#### What is required:
Retype the records in full, and please keep the pictures out of the copy.

#### Stored items from a collection:
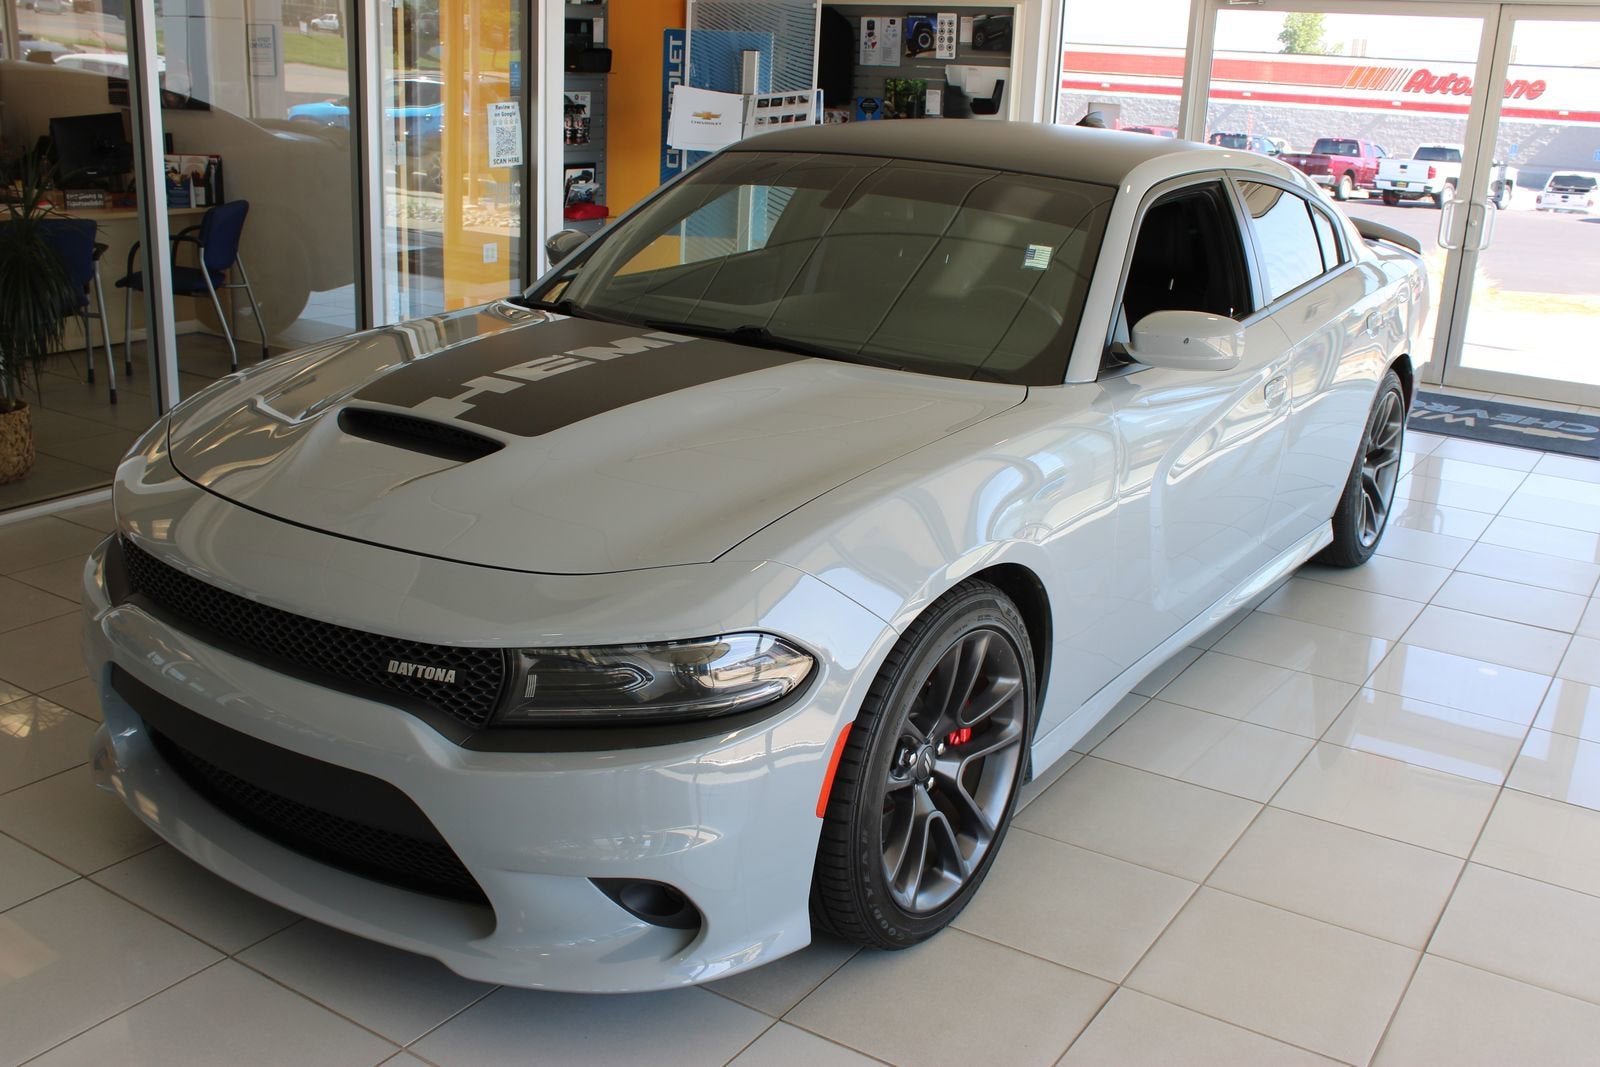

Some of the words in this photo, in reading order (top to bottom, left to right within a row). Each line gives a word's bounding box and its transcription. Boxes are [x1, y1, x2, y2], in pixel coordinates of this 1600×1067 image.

[666, 35, 683, 169] COLET
[1402, 68, 1547, 100] Autone
[410, 331, 700, 418] HEMI
[387, 659, 456, 684] DAYTONA
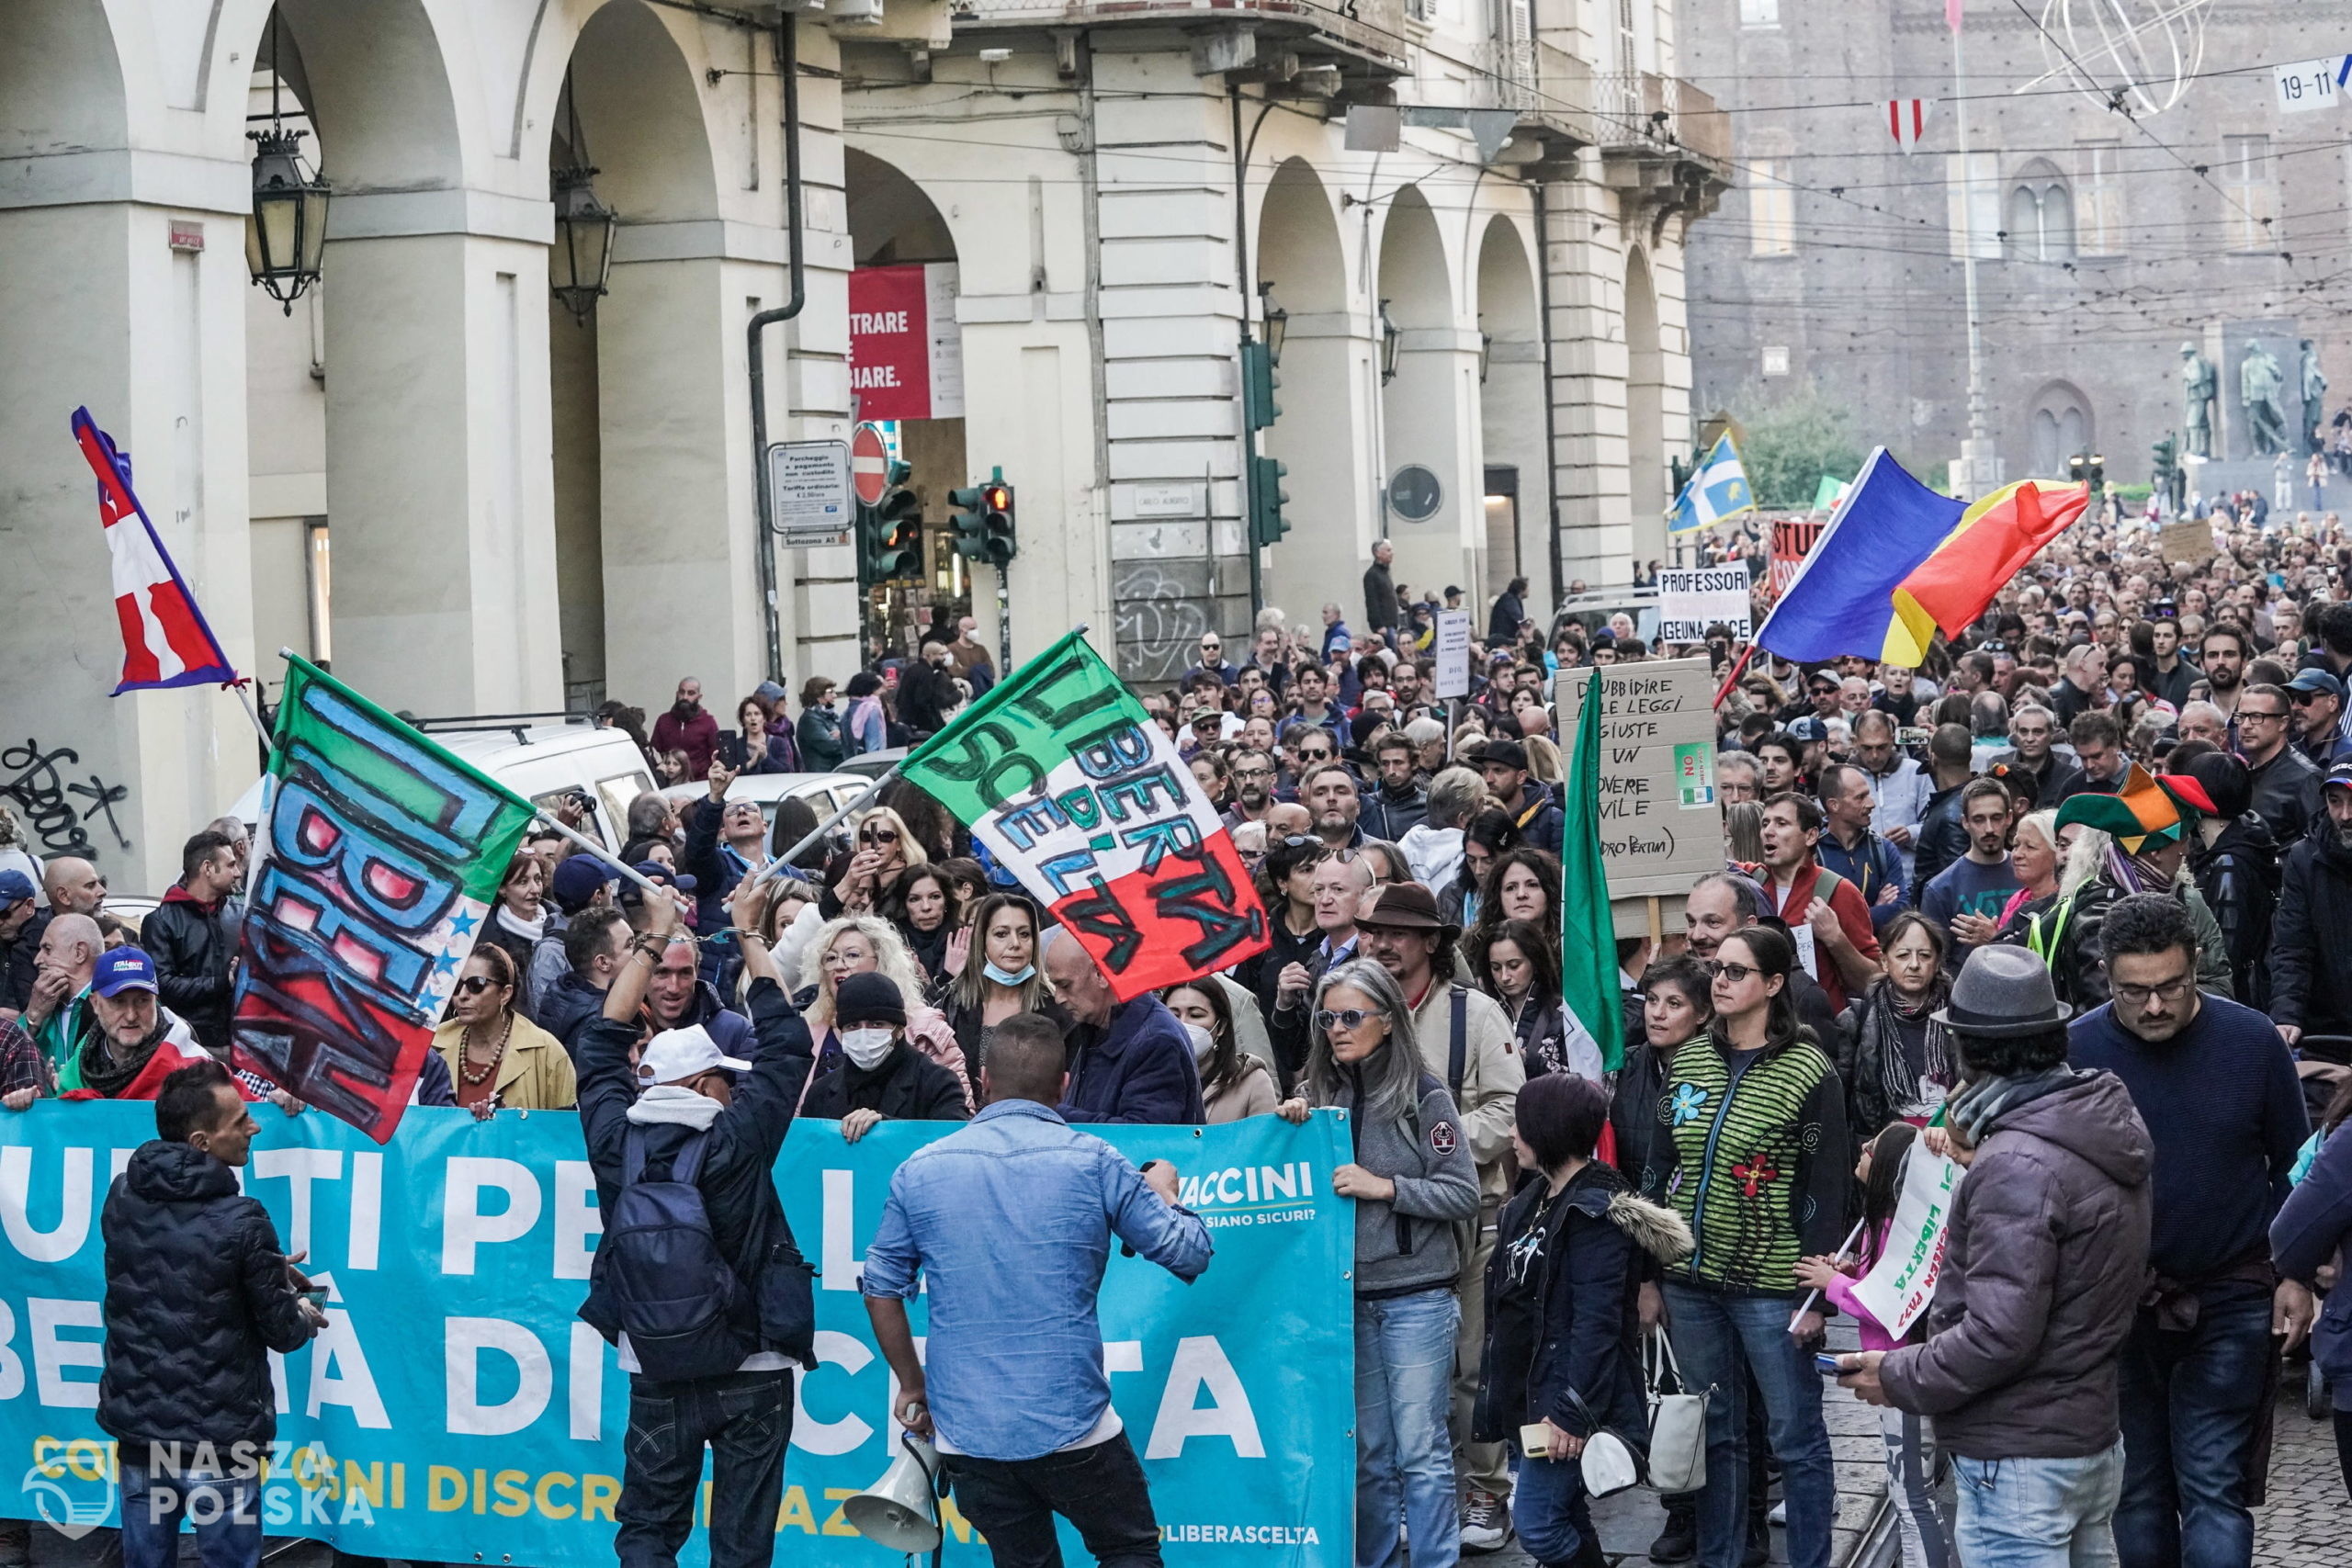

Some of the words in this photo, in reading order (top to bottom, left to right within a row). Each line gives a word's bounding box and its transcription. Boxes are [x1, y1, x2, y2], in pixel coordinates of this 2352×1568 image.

[2281, 72, 2330, 100] 19-11
[850, 310, 909, 335] TRARE
[1662, 570, 1747, 593] PROFESSORI
[1627, 695, 1683, 715] LEGGI
[1600, 722, 1657, 739] GIUSTE
[1613, 746, 1642, 764] UN
[1684, 756, 1695, 776] NO
[1599, 774, 1649, 795] OVERE
[1599, 797, 1651, 820] VILE
[923, 721, 1144, 975] SCELTA
[1600, 840, 1626, 858] DRO
[441, 1156, 605, 1280] PE
[1205, 1213, 1253, 1229] SIANO
[1257, 1209, 1316, 1224] SICURI?
[445, 1316, 605, 1441] DI
[291, 1447, 406, 1509] OGNI

#### Answer for the task:
Some of the words in this photo, in reading order (top to bottom, left to right within a row). Each line gives a word's bounding box and its transcription. Boxes are [x1, y1, x2, y2], in pixel coordinates of this 1600×1067 image.

[666, 35, 683, 169] COLET
[1402, 68, 1547, 100] Autone
[410, 331, 700, 418] HEMI
[387, 659, 456, 684] DAYTONA

Some of the words in this photo, in reading order (top to bottom, left to right within a row). Each line gives a word's bounding box and its transcription. Boxes are [x1, y1, x2, y2], in pixel coordinates of this 2352×1568 image.

[2281, 72, 2330, 100] 19-11
[850, 310, 909, 335] TRARE
[1662, 570, 1747, 593] PROFESSORI
[1627, 695, 1683, 715] LEGGI
[1600, 722, 1657, 739] GIUSTE
[1613, 746, 1642, 764] UN
[1684, 756, 1695, 776] NO
[1599, 774, 1649, 795] OVERE
[1599, 797, 1651, 820] VILE
[923, 721, 1144, 975] SCELTA
[1600, 840, 1626, 858] DRO
[441, 1156, 605, 1280] PE
[1205, 1213, 1253, 1229] SIANO
[1257, 1209, 1316, 1224] SICURI?
[445, 1316, 605, 1441] DI
[291, 1447, 406, 1509] OGNI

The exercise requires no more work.